Computer Science listing: COMPSCI 294-166 (class #32762)

Economics listing: sign up under the Computer Science course listing

Philosophy listing: PHILOS 290-008 (class #33029)

3 units; Monday 2-4pm in 320 Soda

This interdisciplinary course examines the application of ideas from philosophy and economics to decision making by AI systems on behalf of humans, and in particular to the problem of ensuring that increasingly intelligent AI systems remain beneficial to humans. Solving this problem requires designing AI systems whose objective is to satisfy human preferences while remaining necessarily uncertain as to what those preferences are. The course will study issues arising when applying these principles to make decisions on behalf of multiple humans and real (rather than idealized) humans. Topics include utility theory, bounded rationality, utilitarianism, altruism, interpersonal comparisons of utility, preference learning, plasticity of human preferences, epistemic uncertainty about preferences, decision making under risk, social choice theory, and inequality. Students will read papers from the literature in AI, philosophy, and economics and will work in interdisciplinary teams to develop substantial analyses in one or more of these areas. No advanced mathematical background is assumed, but students should be comfortable with formal arguments involving axioms and proofs.

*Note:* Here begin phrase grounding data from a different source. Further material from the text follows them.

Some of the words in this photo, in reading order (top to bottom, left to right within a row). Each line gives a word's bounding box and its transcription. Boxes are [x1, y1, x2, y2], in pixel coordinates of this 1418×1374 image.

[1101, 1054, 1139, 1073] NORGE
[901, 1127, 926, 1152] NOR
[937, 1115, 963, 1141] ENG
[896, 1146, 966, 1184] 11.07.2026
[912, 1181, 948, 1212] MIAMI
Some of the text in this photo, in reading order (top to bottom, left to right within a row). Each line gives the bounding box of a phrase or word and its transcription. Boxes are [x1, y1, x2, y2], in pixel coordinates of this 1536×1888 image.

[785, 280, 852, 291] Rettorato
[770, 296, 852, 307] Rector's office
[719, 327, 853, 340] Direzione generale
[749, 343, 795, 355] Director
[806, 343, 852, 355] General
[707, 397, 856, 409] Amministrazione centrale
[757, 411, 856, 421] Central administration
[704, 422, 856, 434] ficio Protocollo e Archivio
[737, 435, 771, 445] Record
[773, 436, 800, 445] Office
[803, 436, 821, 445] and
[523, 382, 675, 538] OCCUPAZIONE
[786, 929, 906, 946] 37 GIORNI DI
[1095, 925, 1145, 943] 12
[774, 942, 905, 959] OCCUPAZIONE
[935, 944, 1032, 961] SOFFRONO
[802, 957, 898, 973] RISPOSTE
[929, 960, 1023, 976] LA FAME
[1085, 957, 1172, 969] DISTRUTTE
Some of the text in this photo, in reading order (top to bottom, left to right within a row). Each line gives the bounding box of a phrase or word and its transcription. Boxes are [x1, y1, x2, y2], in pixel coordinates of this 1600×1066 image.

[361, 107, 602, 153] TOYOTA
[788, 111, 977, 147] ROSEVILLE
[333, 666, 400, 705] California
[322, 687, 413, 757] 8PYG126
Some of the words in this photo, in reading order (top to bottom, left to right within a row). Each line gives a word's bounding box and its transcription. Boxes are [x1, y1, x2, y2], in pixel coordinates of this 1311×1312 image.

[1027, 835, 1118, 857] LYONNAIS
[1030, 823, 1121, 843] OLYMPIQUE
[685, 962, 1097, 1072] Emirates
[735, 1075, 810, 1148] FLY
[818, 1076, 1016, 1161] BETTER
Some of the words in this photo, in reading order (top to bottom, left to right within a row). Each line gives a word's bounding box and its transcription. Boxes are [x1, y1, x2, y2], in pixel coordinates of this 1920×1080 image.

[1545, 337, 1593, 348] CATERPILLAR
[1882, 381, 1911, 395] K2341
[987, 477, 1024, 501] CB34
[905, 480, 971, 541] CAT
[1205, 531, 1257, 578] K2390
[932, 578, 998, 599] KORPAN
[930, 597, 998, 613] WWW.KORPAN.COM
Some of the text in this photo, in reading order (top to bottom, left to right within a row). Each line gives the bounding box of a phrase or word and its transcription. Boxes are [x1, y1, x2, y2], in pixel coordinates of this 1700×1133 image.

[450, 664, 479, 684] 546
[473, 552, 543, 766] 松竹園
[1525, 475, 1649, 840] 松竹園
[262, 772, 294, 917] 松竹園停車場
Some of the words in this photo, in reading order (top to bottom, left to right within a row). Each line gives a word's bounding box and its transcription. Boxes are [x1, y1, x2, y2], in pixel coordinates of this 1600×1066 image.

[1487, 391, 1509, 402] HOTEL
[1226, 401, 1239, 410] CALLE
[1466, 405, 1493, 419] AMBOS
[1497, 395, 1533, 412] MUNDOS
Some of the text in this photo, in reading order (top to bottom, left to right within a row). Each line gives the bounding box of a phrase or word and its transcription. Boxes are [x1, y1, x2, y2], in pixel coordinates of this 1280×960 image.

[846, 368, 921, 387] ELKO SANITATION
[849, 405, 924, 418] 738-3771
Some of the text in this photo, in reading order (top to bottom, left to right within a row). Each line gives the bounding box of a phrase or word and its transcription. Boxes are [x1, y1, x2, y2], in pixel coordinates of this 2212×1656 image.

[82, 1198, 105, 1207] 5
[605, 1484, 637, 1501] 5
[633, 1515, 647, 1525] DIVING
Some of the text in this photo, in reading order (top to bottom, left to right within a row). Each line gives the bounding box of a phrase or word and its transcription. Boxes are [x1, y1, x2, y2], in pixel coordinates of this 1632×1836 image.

All students will be waitlisted initially. In order to ensure a balance of disciplines in the course, final enrollment decisions will be made by the instructors by the end of the first week of class. Preference will be given to PhD students in CS, Philosophy, and Economics, but other well-prepared students with a particular interest in the course will be considered.

 

Course structure

The syllabus has three parts: (1) introduction and relevant background on AI, economics, and philosophy; (2) issues related to AI systems that act on behalf of an individual human; and (3) issues related to AI systems that act on behalf of multiple individuals.

 

Part 1 (3 lectures): Background in AI, Economics, and Philosophy

Basic elements of AI for non-specialists, including various designs for intelligent agents, focusing on the different forms of objectives (goals, utilities, rewards, etc.). The King Midas problem of mis-specified objectives and the approach of “beneficial AI” (see below). Rational decisions in economics, including utility theory, multiattribute utility, risk, game theory, and social choice theory. Elements of moral philosophy including consequentialism and other approaches to making “good decisions,” and their potential application to AI systems.

 

Part 2 (4 lectures): AI collaboration with a single human

The basic “assistance game” for beneficial AI involves a human with preferences over possible futures and a machine that aims to satisfy those preferences but is uncertain as to what they are. Exploration of questions such as the nature of well-being; the general structure of human preferences; uncertainty about preferences; plasticity of preferences; preferences of non-rational agents and radical interpretation; the psychological reality and measurement of preferences and methods such as inverse reinforcement learning for learning preferences.

 

Part 3 (5 lectures): AI collaboration with multiple humans  

Basic notions of utilitarian preference aggregation and challenges thereto -- interpersonal comparisons of utility, variable numbers of people, fairness and inequality. Social choice theory and impossibility results. Mechanism design and truthful preference revelation. Altruism, envy, pride, and positional goods.